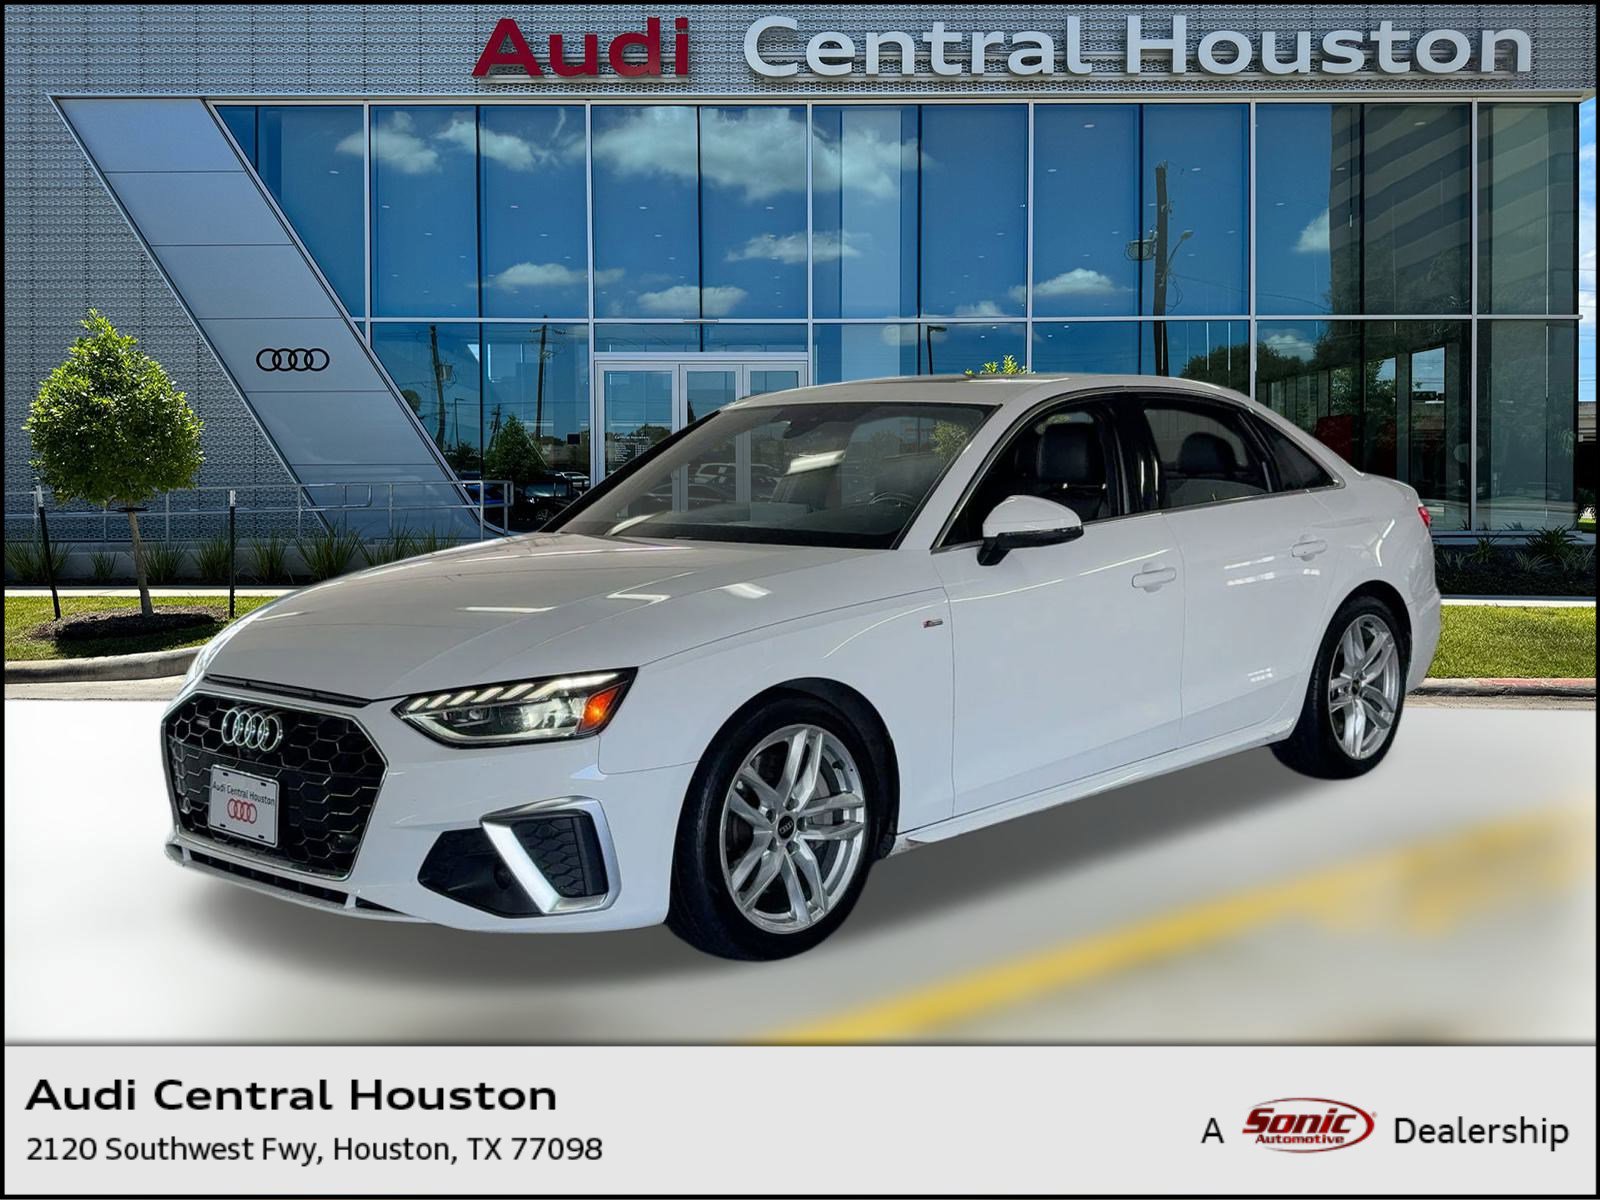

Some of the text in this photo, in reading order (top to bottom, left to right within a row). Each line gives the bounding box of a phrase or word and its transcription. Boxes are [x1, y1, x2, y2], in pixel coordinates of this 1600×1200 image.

[472, 15, 1532, 77] Audi Central Houston
[213, 781, 275, 806] Audi Central Houston
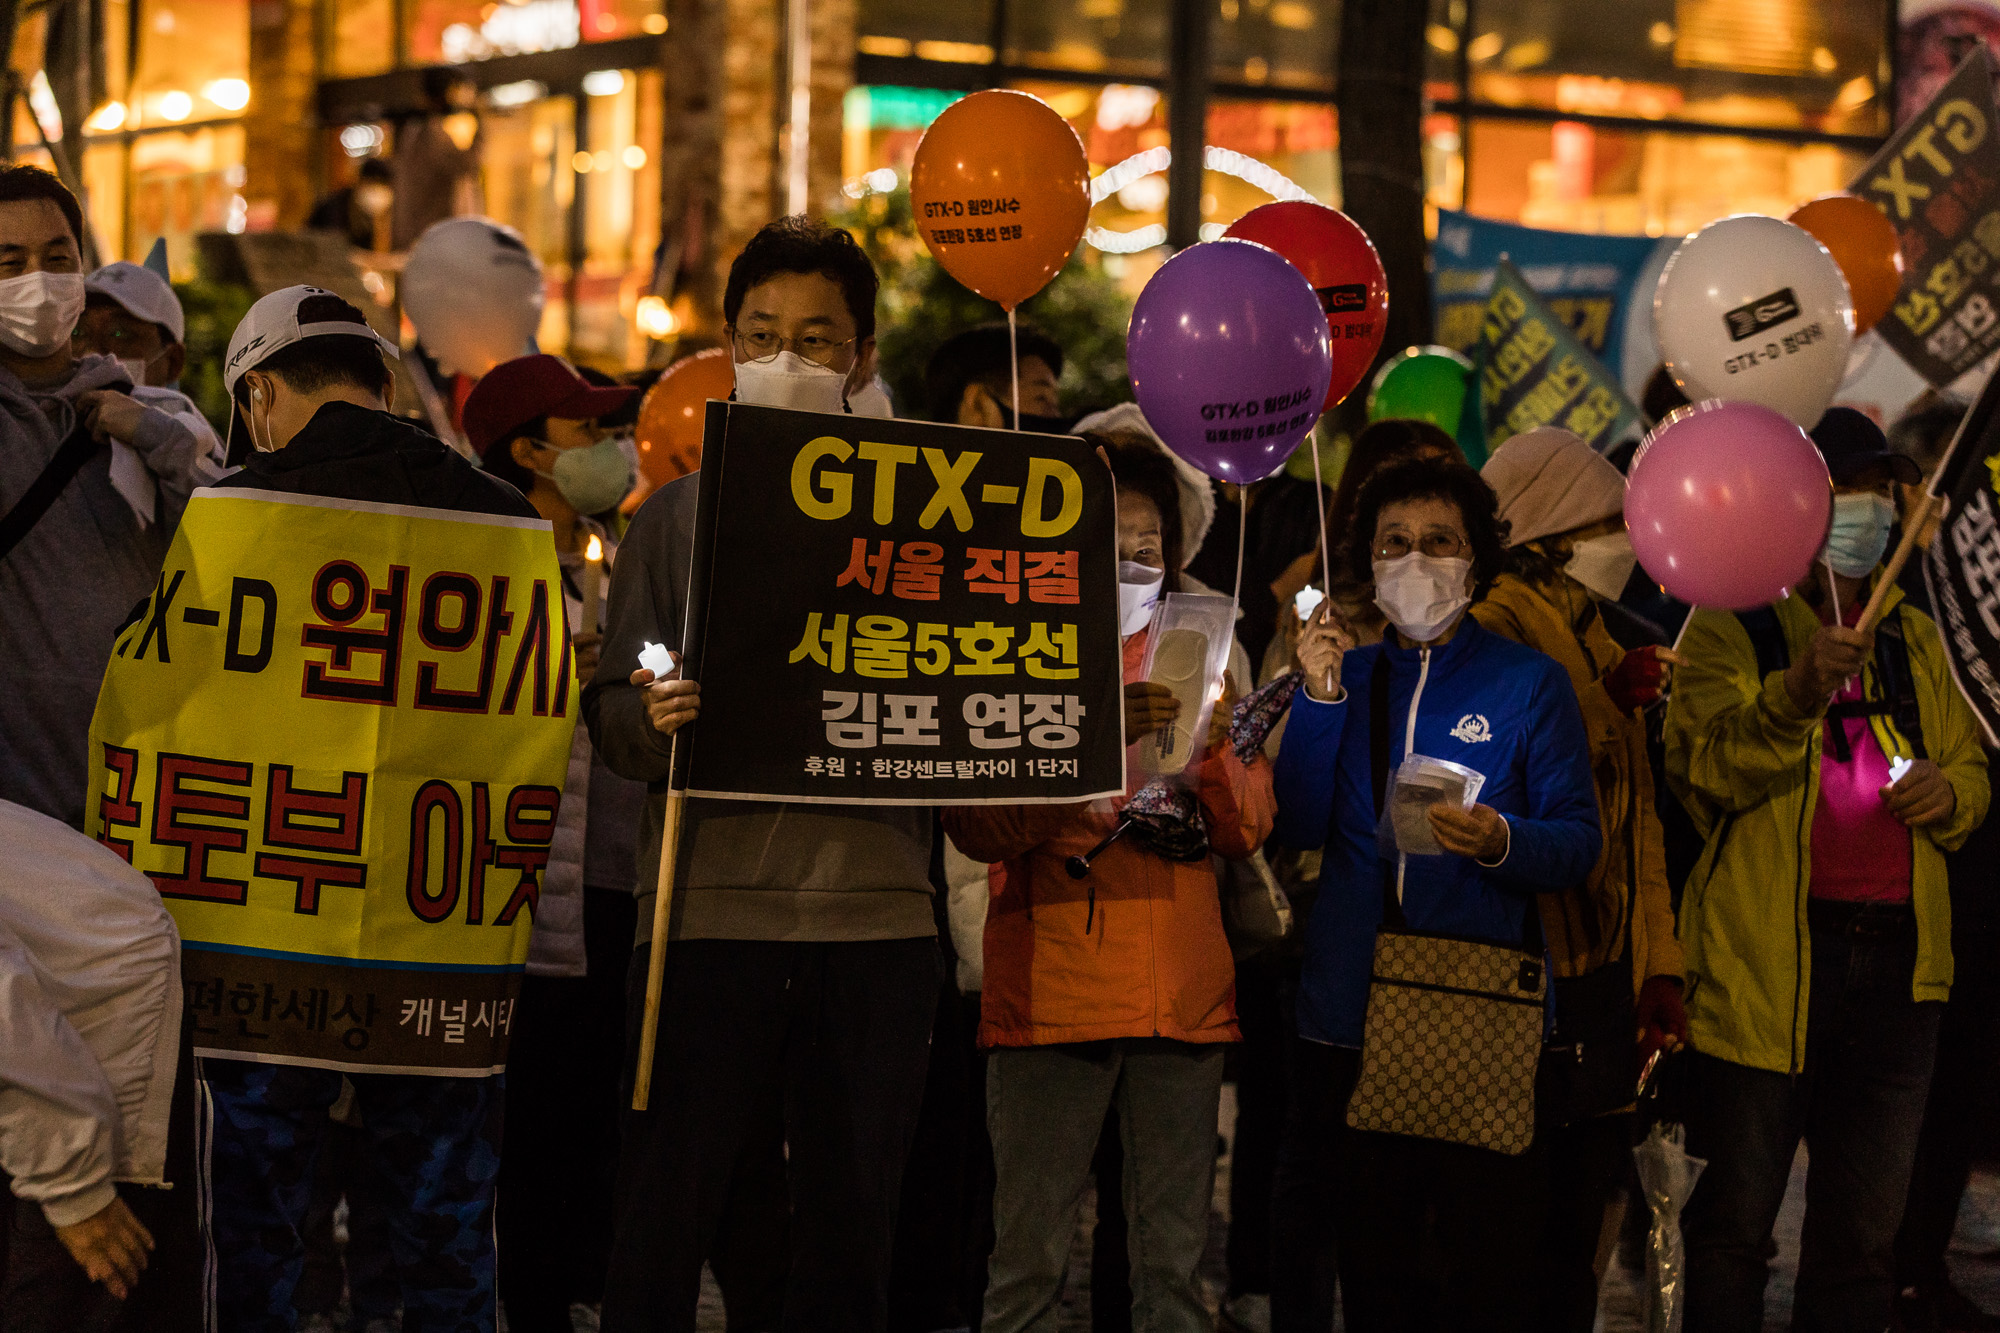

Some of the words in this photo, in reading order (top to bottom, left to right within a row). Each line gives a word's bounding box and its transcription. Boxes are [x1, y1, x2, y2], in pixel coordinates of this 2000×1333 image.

[924, 200, 964, 218] GTX-D
[967, 197, 1021, 216] 원안사수
[967, 226, 997, 243] 5호선
[999, 224, 1023, 241] 연장
[1724, 343, 1781, 374] GTX-D
[1201, 401, 1260, 421] GTX-D
[1264, 386, 1312, 414] 원안사수
[790, 436, 1084, 538] GTX-D
[836, 537, 944, 600] 서울
[964, 547, 1080, 604] 직결
[789, 612, 1080, 679] 서울5호선
[822, 690, 941, 749] 김포
[962, 692, 1086, 749] 연장
[804, 756, 846, 778] 후원
[872, 758, 1016, 779] 한강센트럴자이
[1025, 758, 1079, 778] 1단지

○ ○ ○ ○ ○

Leaving the pictures out, give back each line above exactly.

■ **Answer to the exercise**
Some of the text in this photo, in reading order (top to bottom, left to right within a row). Each line gives the bounding box of a phrase or word and its transcription. Boxes are [x1, y1, x2, y2], in pixel coordinates of this 1600×1200 image.

[472, 15, 1532, 77] Audi Central Houston
[213, 781, 275, 806] Audi Central Houston

Some of the words in this photo, in reading order (top to bottom, left to right within a row). Each line gives a word's bounding box and its transcription. Boxes are [x1, y1, x2, y2], in pixel coordinates of this 2000×1333 image.

[924, 200, 964, 218] GTX-D
[967, 197, 1021, 216] 원안사수
[967, 226, 997, 243] 5호선
[999, 224, 1023, 241] 연장
[1724, 343, 1781, 374] GTX-D
[1201, 401, 1260, 421] GTX-D
[1264, 386, 1312, 414] 원안사수
[790, 436, 1084, 538] GTX-D
[836, 537, 944, 600] 서울
[964, 547, 1080, 604] 직결
[789, 612, 1080, 679] 서울5호선
[822, 690, 941, 749] 김포
[962, 692, 1086, 749] 연장
[804, 756, 846, 778] 후원
[872, 758, 1016, 779] 한강센트럴자이
[1025, 758, 1079, 778] 1단지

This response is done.